◆ EXERCISE REQUIREMENTS: Would you please set down, word for word, the lines from the one with "Some of the words" through the final line of the data below, omitting any pictures?

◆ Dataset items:
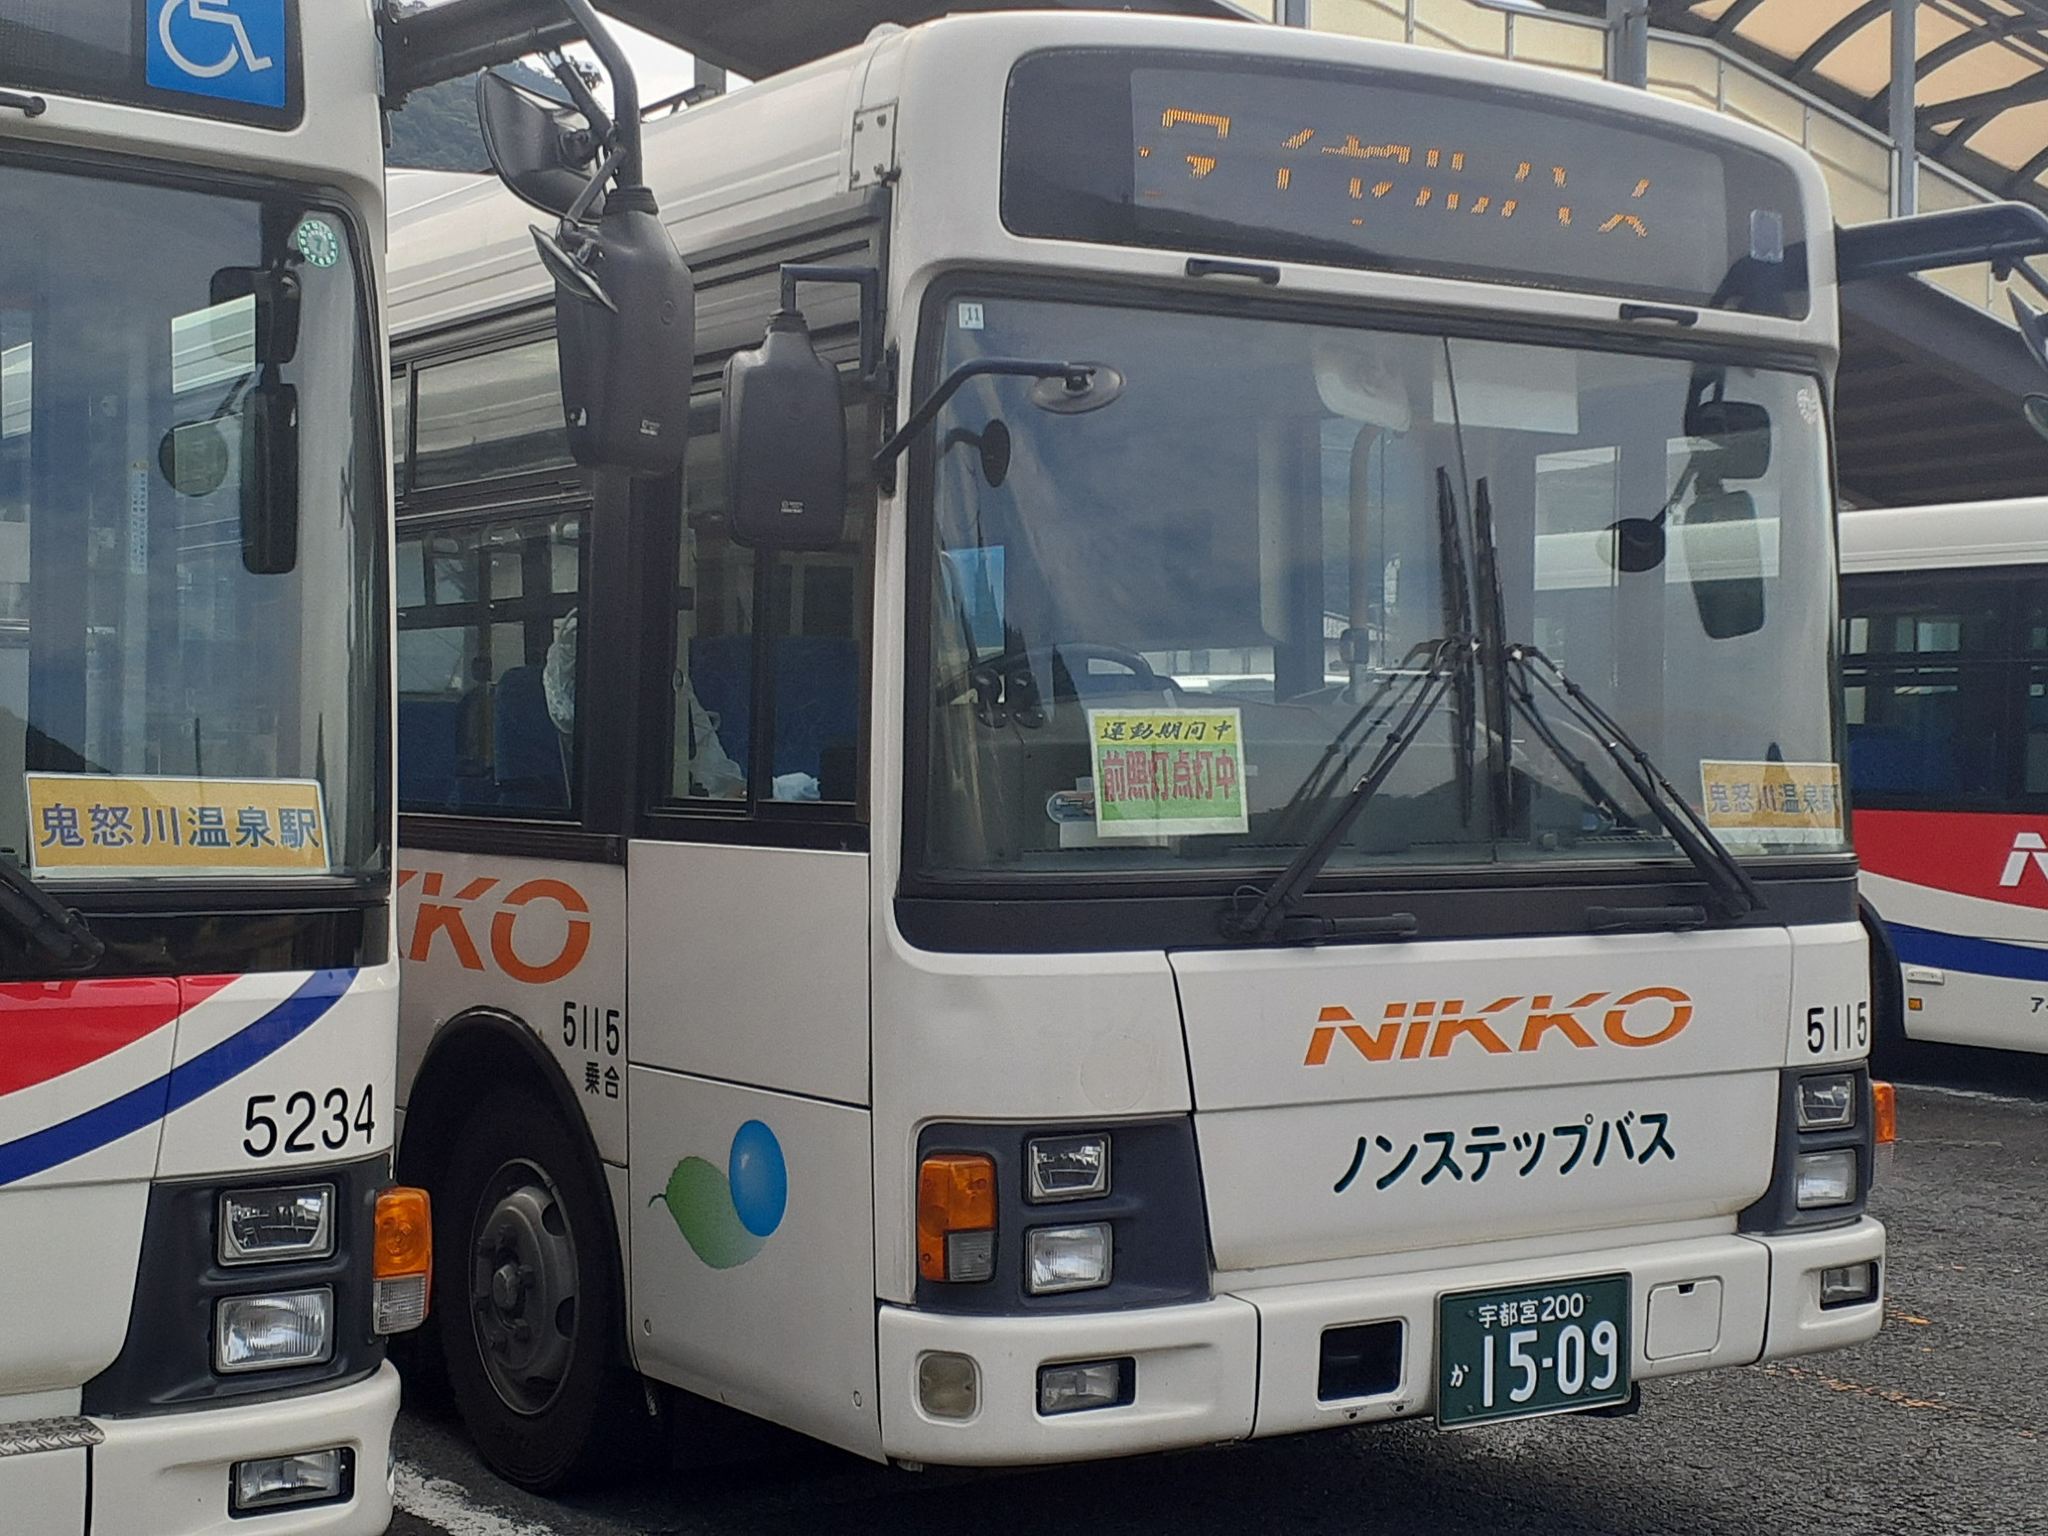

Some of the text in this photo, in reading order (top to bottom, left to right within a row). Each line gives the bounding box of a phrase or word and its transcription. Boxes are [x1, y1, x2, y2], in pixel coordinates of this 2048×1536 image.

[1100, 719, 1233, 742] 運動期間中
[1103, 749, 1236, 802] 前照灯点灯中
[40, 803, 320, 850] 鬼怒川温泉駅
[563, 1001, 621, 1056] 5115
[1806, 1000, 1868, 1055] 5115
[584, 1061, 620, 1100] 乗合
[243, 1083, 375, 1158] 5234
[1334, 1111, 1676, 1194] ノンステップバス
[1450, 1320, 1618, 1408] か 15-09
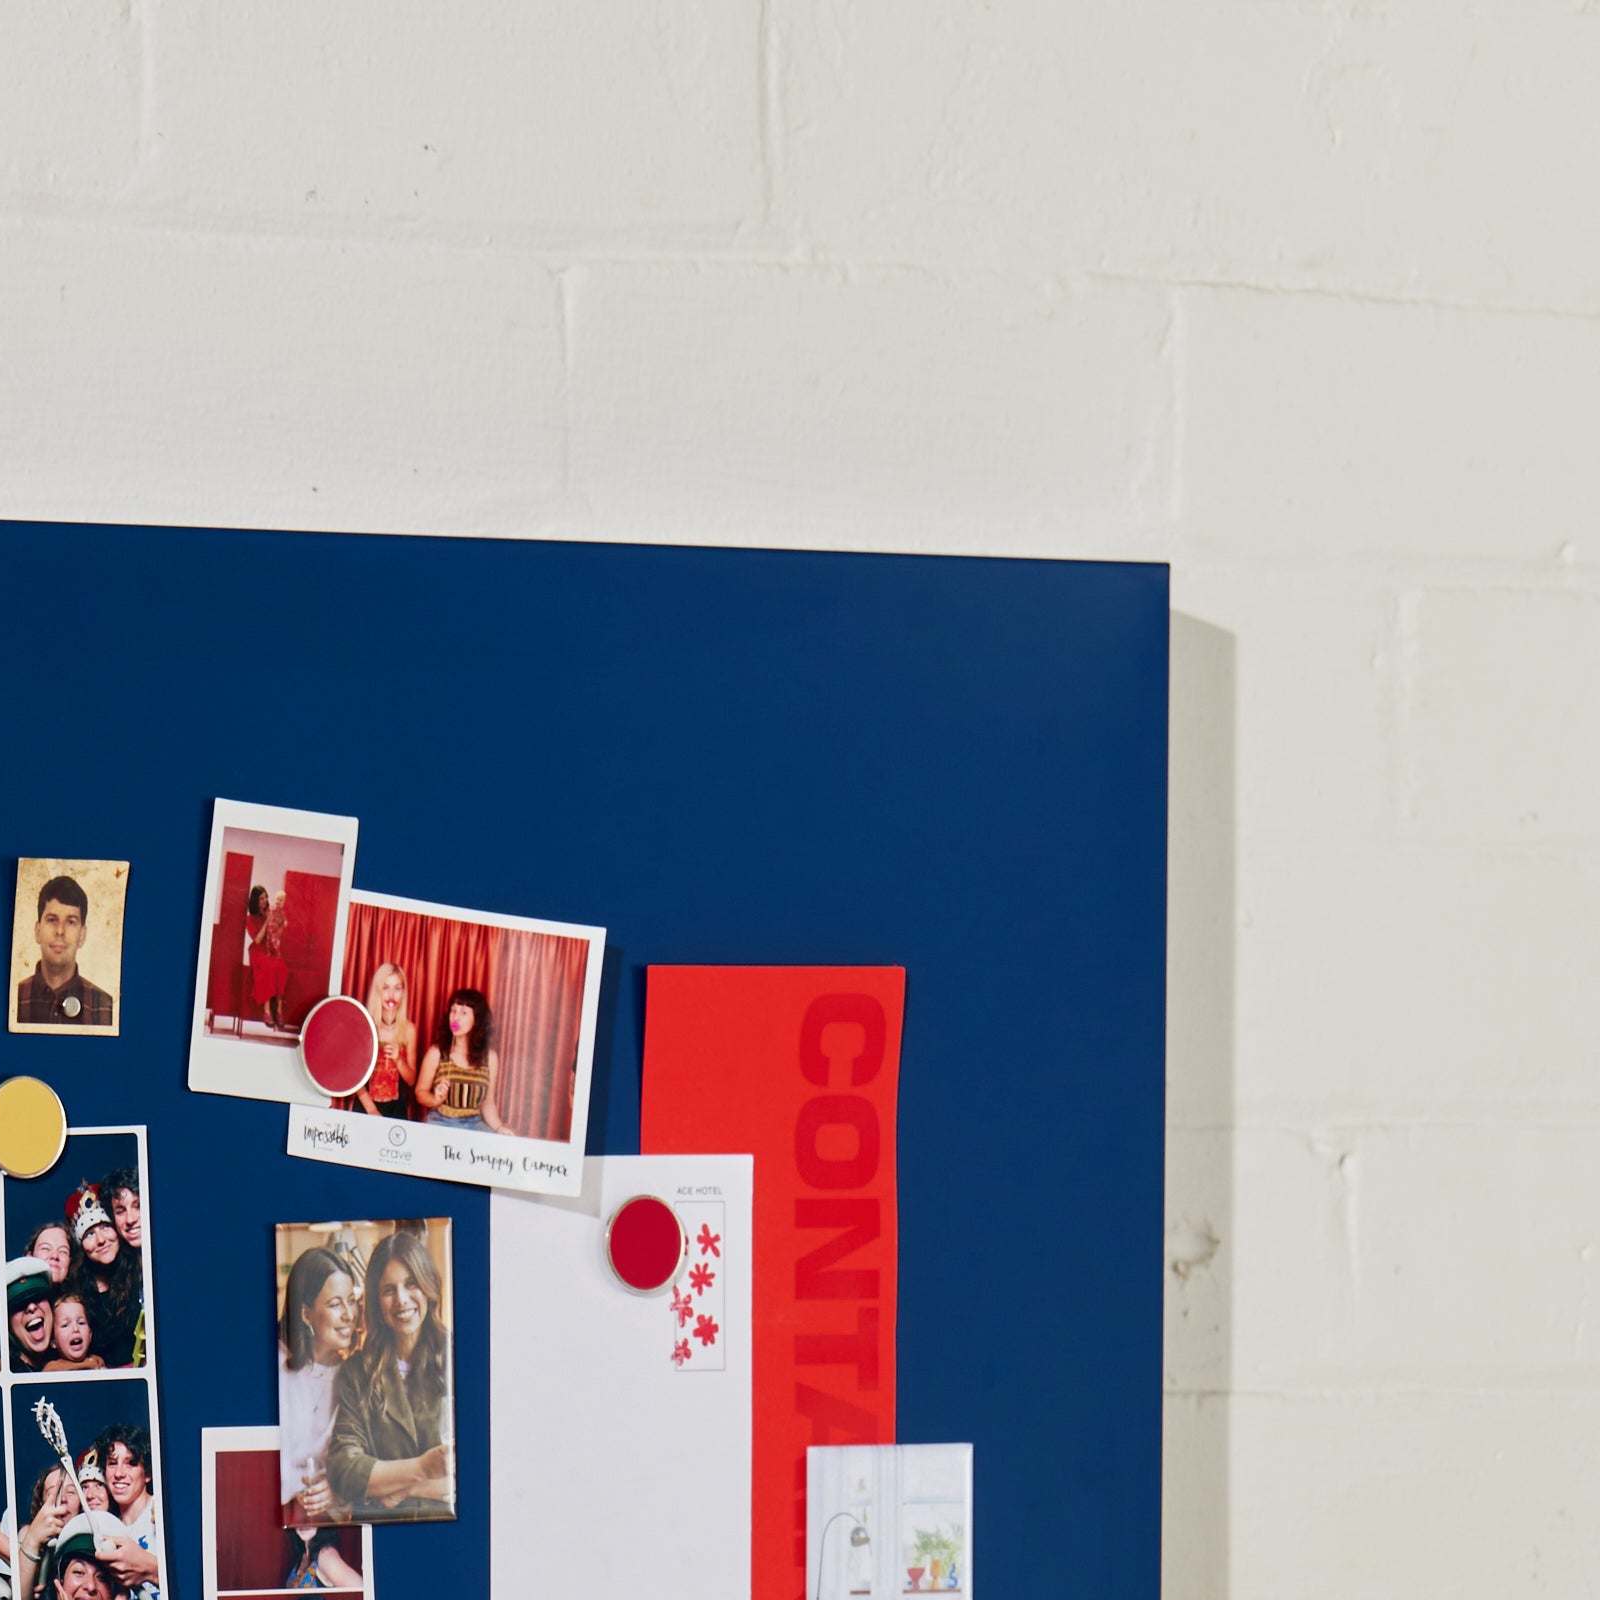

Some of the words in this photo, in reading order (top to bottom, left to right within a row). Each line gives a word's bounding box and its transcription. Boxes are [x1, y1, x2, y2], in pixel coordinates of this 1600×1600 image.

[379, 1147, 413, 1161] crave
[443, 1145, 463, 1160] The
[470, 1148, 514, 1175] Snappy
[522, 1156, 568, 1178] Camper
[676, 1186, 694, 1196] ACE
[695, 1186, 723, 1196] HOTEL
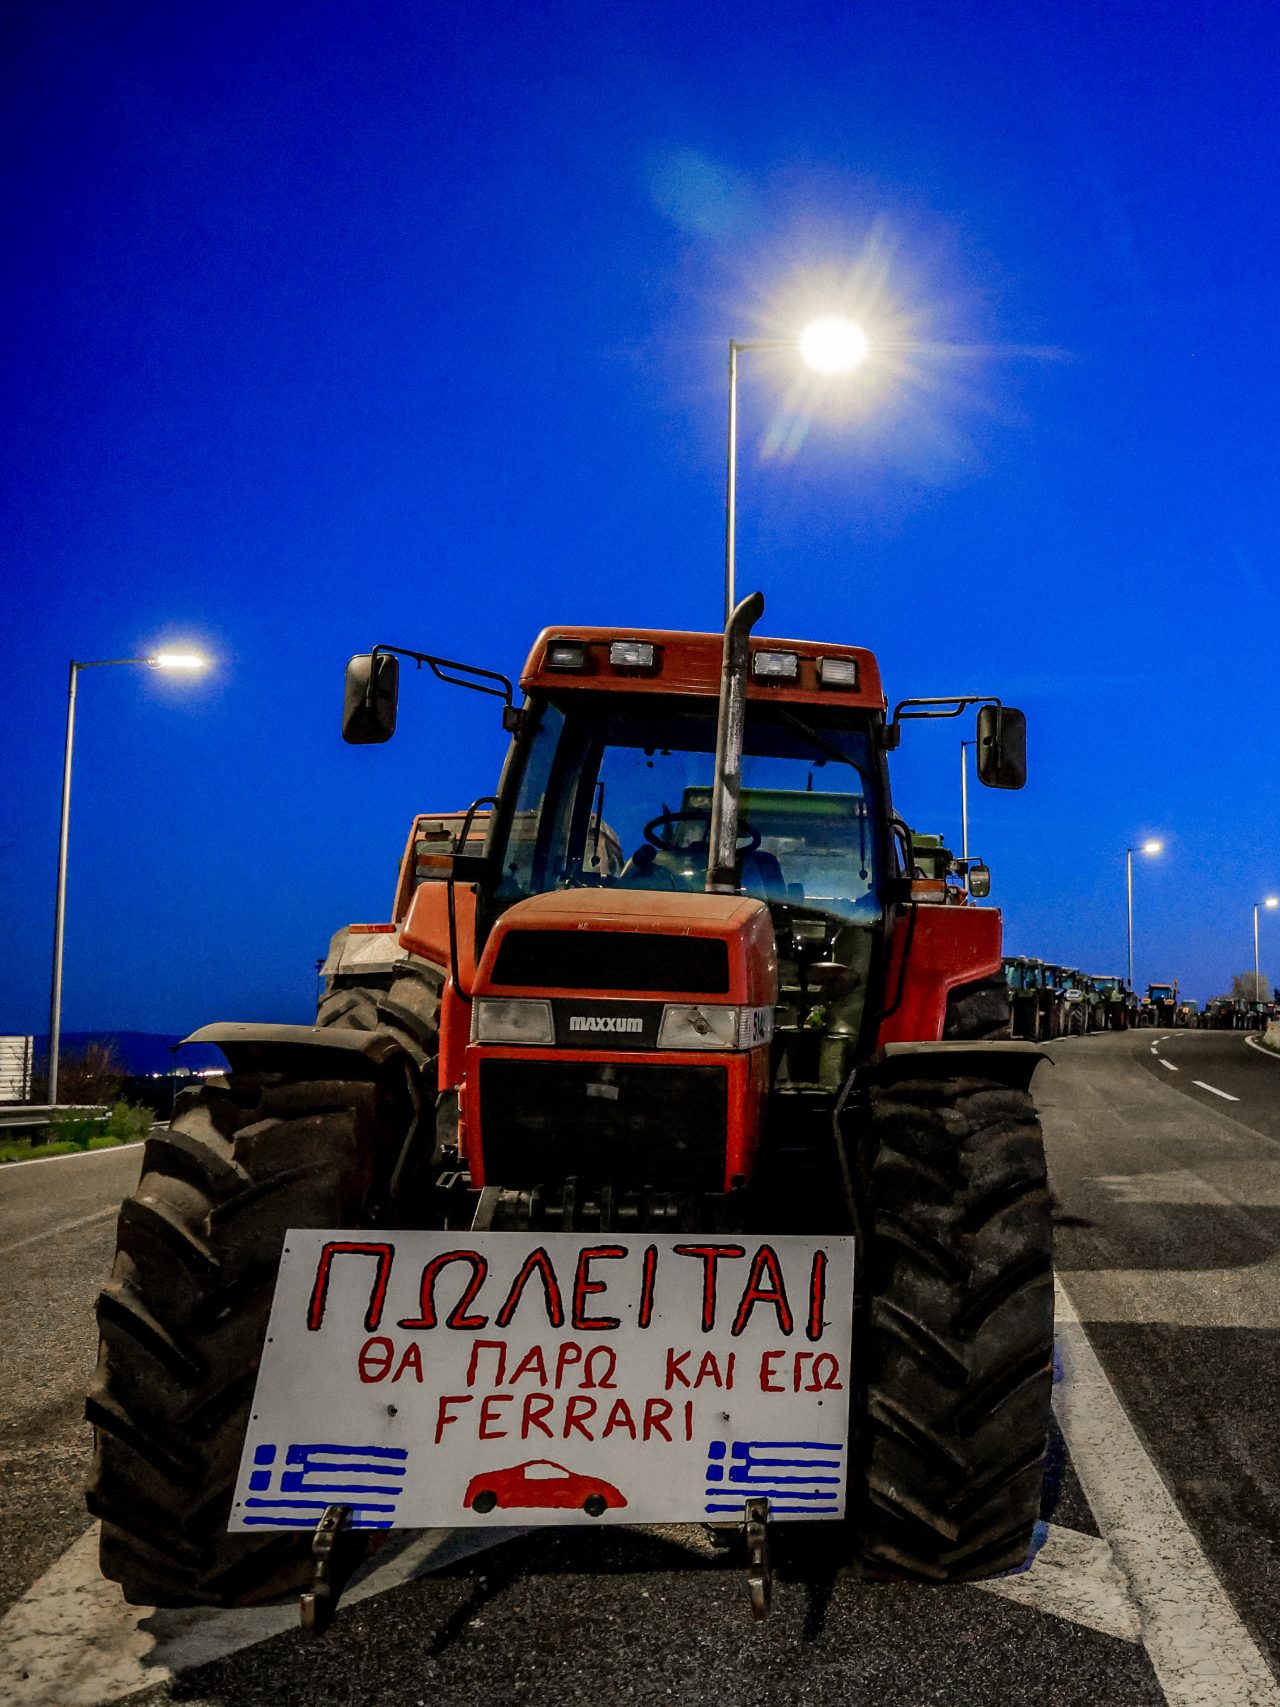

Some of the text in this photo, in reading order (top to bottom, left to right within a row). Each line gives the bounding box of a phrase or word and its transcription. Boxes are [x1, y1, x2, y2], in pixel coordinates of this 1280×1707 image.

◆ RESULT BELOW:
Some of the words in this photo, in reading order (top to bottom, left to right within a row). Each line gives a word's bounding box and its transcription. Boxes are [x1, y1, x2, y2], in pixel coordinates of this 1600×1600 image.

[379, 1147, 413, 1161] crave
[443, 1145, 463, 1160] The
[470, 1148, 514, 1175] Snappy
[522, 1156, 568, 1178] Camper
[676, 1186, 694, 1196] ACE
[695, 1186, 723, 1196] HOTEL

Some of the text in this photo, in reading order (top to bottom, left to right within a row). Each line gives the bounding box of a phrase or word and its transcription. Boxes are [x1, y1, x2, y2], in pixel coordinates of this 1280×1707 image.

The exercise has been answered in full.